The implementation was done with their internal engineering team. NoBroker implemented the AMP framework in less than three weeks with just two engineers. They converted all their listings pages which are indexed, with the approximate number being around 250,000 pages. That should be all the pages that are being indexed by Google. They did not convert their user profile pages, as they did not see a need for that.
NoBroker’s goal is to drive “connections” between renters and flat owners to drive more revenue. Their model converts to a paid subscription after nine connections. On average, it takes about 10-15 connections before a renter signs a lease. For this to work, they need to make renters aware of attractive properties, and faster pages helps them do that more quickly.
The NoBroker site is dynamic, with available inventory changing all the time (new properties being added, and rented properties getting removed). For this to work in AMP, NoBroker had to use the AMP-live-list component to fetch new content and modify the last-cached version of the page.
They haven’t tried to use the new AMP-bind component yet, but they may use it in the future. They believe that it will be pretty useful.
They were not able to implement pagination in AMP. As a result, users are not able to view more properties on the AMP pages, and they show only 10. They could have made the number larger, but with 10, that was good for AMP. However, they implemented a Progressive Web App (PWA) approach to solve that, so a user can click on a View-All button to get the rest of the listings.
PWAs have a component called a service worker, and it pre-loads content so by the time the user clicks on the View-All button the page load is already done, so the user’s access to the additional listings is almost instantaneous.
They are not considering a PWAMP (PWA plus AMP) implementation, as things are working quite well as they are. Users get introduced to NoBroker via AMP pages, and then they get the Single Page App (PWA), so they are still quite fast at that point. They are using an AMP for AdWords implementation.

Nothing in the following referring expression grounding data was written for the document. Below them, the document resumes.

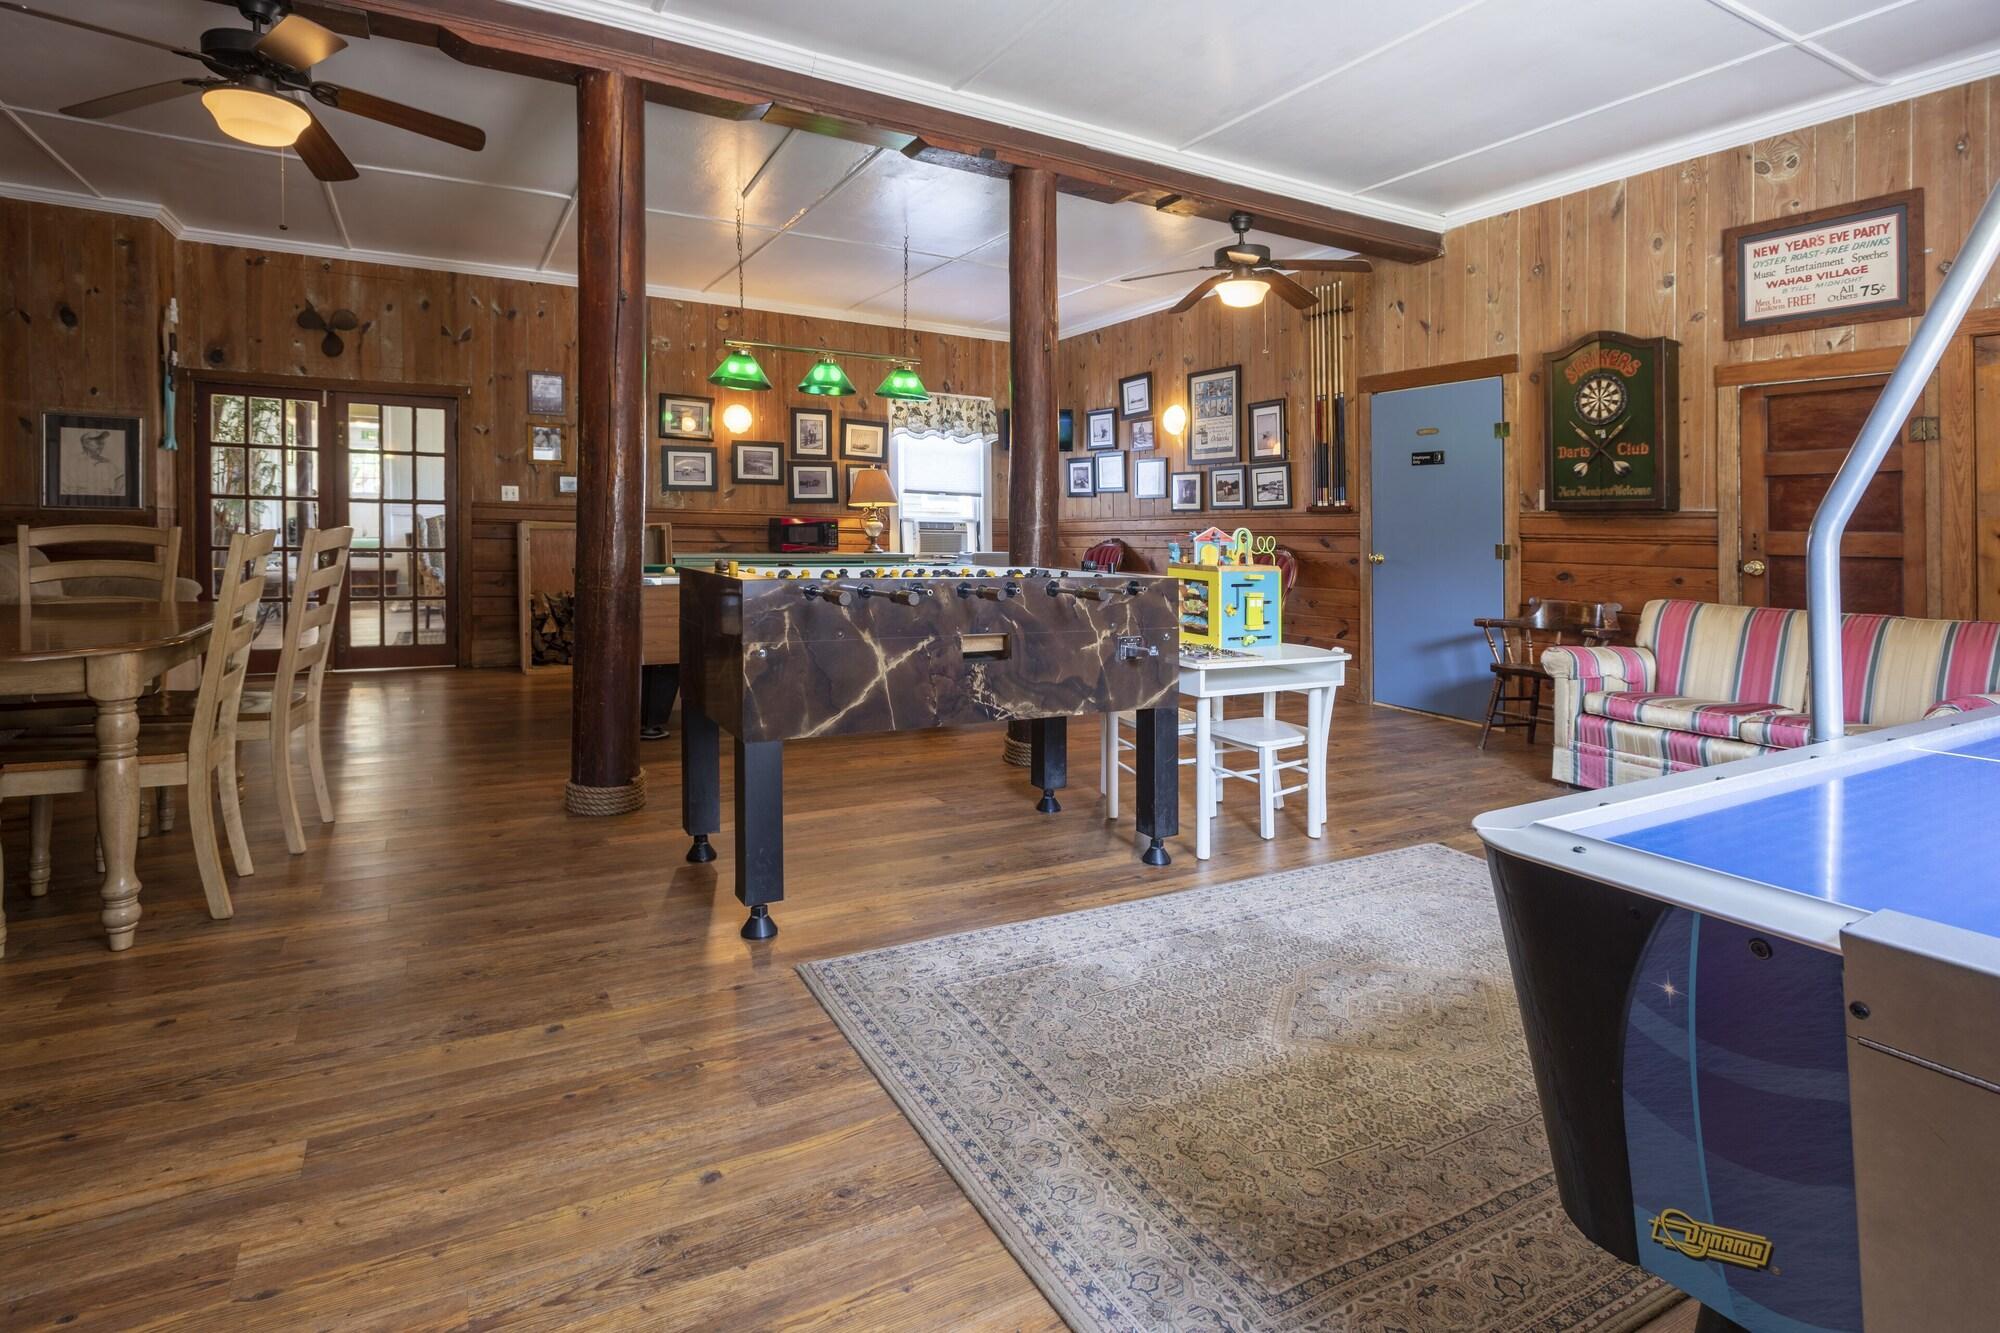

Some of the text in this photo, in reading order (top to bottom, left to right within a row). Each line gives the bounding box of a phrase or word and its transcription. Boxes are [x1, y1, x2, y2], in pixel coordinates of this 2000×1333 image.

[1753, 223, 1891, 258] NEW YEAR'S EVE PARTY
[1752, 256, 1786, 269] OYSTER
[1851, 237, 1891, 251] DRINKS
[1753, 250, 1888, 280] Music Entertainment Speeches
[1766, 265, 1869, 289] WAHAB VILLAGE
[1815, 276, 1863, 288] MIDNIGHT
[1840, 286, 1854, 294] All
[1787, 294, 1816, 308] FREE!
[1828, 293, 1857, 303] Others
[1755, 303, 1785, 313] Uniform
[1558, 442, 1649, 459] Darts Club

For NoBroker, a conversion is when a user registers on the site when they like a property and want to get the owner details, or when an owner posts a property with them.
As with all the other publishers that are not in the news carousel, they saw no changes in organic ranking as a result of their implementation of AMP. The percentage of organic search that goes to AMP pages is around 20%.

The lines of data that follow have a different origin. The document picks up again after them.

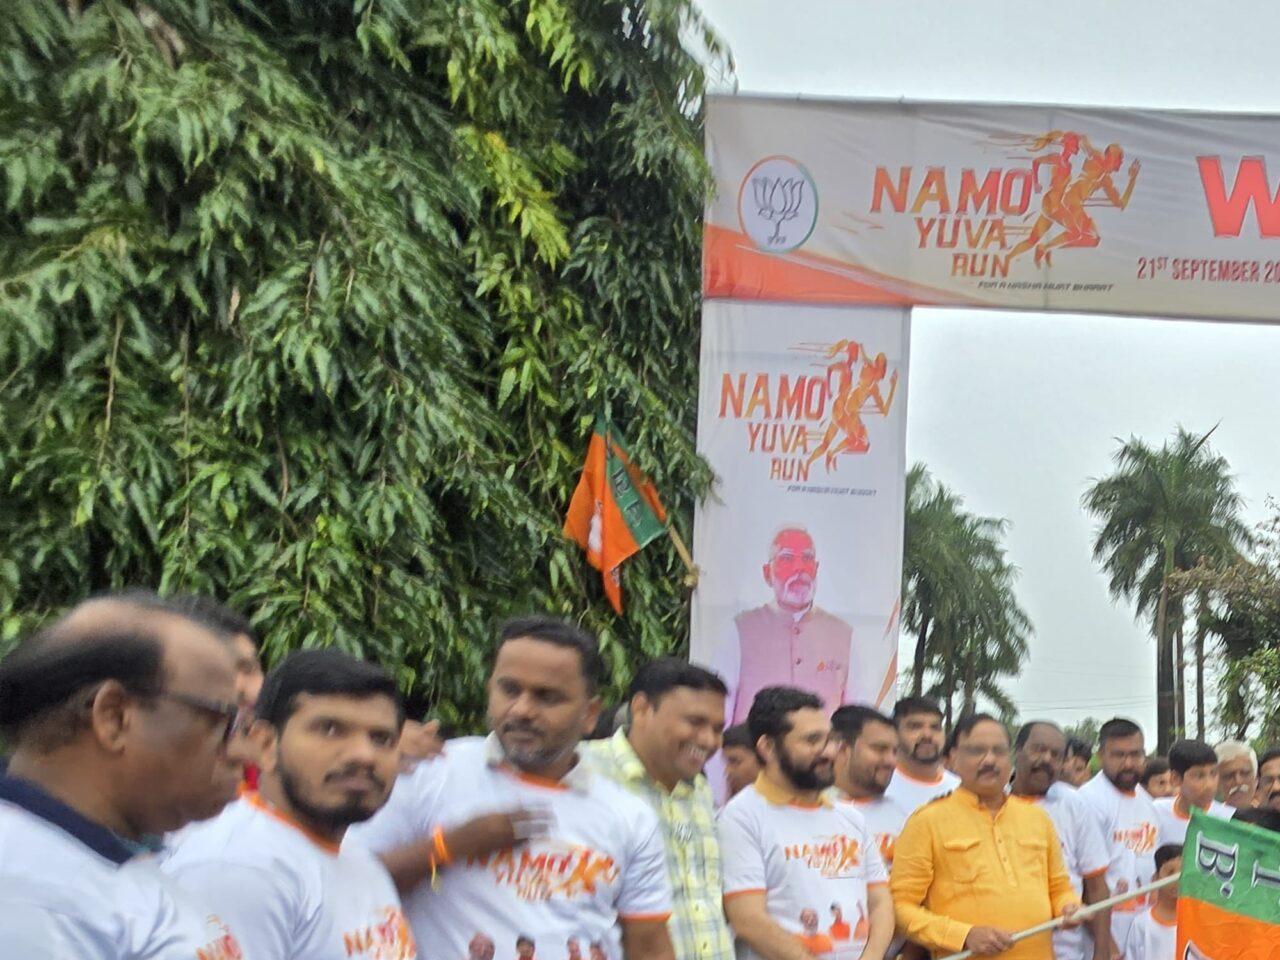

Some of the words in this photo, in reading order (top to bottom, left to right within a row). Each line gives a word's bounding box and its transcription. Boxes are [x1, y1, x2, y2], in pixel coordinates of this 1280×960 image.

[869, 166, 1034, 216] NAMO
[916, 216, 1010, 250] YUVA
[950, 252, 1011, 279] RUN
[1136, 256, 1168, 280] 21ST
[1171, 258, 1259, 283] SEPTEMBER
[719, 372, 830, 421] NAMO
[748, 423, 810, 455] YUVA
[769, 457, 810, 482] RUN

Metrics from the Ampproject.org Case Study: “After our AMP pages went live,” Gupta says, “we saw an 18% decrease in bounce rate, 10% more page views, a 25% increase in registrations, and most importantly, a 77% increase in the number of connections between renters and tenants.” Remember that the connections between renters and tenants is the key to their business. Gupta also shared that they also saw a 10% increase in sessions and session duration.
Because NoBroker’s business model relies so much on the mobile experience, AMP is critical to the continued success of the business. “If you need to provide a super-fast experience to a mobile customer, then AMP is the easiest way to do it,” notes Gupta. “The best part is that it doesn’t require any changes to your existing site architecture, and it’s super-quick to implement.”
They track users on Google Analytics and with a homegrown analytics module. They use Google Analytics for high-level channel data. The homegrown analytics is used to handle attribution to certain channels. They believe that this provides them with much better attribution.
They are familiar with the session stitching problem in analytics, but they have not implemented the solution to that. As a result, they see these visits as two sessions. They were not bothered too much by this as they knew about the issue.
One of the issues was that they were the earliest adopter in Southeast Asia. In fact, they were implementing AMP prior to Google India supporting AMP.
They have issues understanding what AMP pages are indexed or not. Not all the pages show up, and they don’t know why. Even Search Console does not provide data on what’s indexed vs. not. The site: command does not help. Gupta says that “Google should invest in this and come up with a solution.”
They are quite happy with their implementation, and the metrics shared above show very clear, strong results.